Workplace-related lawsuits do not happen often, but when they arise, they are unpleasant and can be extremely expensive, even for the winners. That is why employment liability insurance coverage is sold separately and why it is expensive. Employers have found that one of the best defenses available is to have a published handbook of employment policies that is followed scrupulously in all situations.
With this in mind, FPD boards are encouraged with advice and counsel from their attorneys to examine their existing written policies, compare them with policies being used in neighboring FPDs and review sample policies available from insurance companies or from reliable sources on the internet. Then, the board members should put together a set of policies the FPD can live with and can realistically follow. Keep in mind, because a policy that is ignored is evidence that can be used against an employer, the board must follow the policies it adopts.
(See License and certifications under Chapter XIX. Ambulance and EMS for more information regarding the impact of medical licensing and certifications on personnel policies.)

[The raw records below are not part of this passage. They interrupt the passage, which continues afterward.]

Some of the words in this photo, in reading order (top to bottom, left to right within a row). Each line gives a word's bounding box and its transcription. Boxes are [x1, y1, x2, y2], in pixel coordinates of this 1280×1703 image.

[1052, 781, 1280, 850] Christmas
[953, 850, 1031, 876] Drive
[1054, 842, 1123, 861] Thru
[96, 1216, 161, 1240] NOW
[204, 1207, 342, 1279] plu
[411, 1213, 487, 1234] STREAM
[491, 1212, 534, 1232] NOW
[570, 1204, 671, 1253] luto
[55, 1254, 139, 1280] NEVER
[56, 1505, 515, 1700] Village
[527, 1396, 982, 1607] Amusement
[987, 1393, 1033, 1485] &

Historically, firefighting was conducted by voluntary social groups. Firefighting not only provided community benefit, but also was a form of group camaraderie. Like many social activities, it was frequently accompanied by the use of alcoholic beverages. As firefighting has become more complex, it has become more a professional and less a social activity. The risks of combining alcohol and firefighting are obvious. FPD board members and officers should be aware of the risks and ensure that alcohol is removed from the firehouse, if its use there is still allowed or condoned in the FPD.
Both Missouri and the federal government have enacted rules that govern minimum wages paid to non-volunteer workers. Laws also regulate the maximum number of hours a paid worker can work before the employer must pay an overtime premium (time-and-a-half).

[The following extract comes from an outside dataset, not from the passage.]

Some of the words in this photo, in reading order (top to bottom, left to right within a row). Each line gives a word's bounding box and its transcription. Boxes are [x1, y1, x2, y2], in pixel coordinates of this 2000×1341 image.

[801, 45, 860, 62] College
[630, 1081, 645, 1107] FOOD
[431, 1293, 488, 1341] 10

Exemptions available under state law for public employers such as FPDs should be carefully considered before being used. Positions with lower pay, while lawful, may be challenging to fill, or may attract unsuitable candidates. (290.502).
Child labor laws
Many FPDs have “junior firefighting” or Explorer scouting programs for younger members of the community. FPD boards should be aware that laws enacted both by Missouri (294.005-150) and the federal government (Fair Labor Standards Act of 1938) regulate employment of children. Children may not work in hazardous conditions such as using power-driven machinery, maintenance or cleaning/washing of machinery, operation of any motor vehicle, and anything dangerous to life, limb or health – that is, most firefighting activities.
Additionally, work certificates from the school district superintendent are required for children working during the school year and there are limitations during the school year on how many hours children can work in a day and in a week.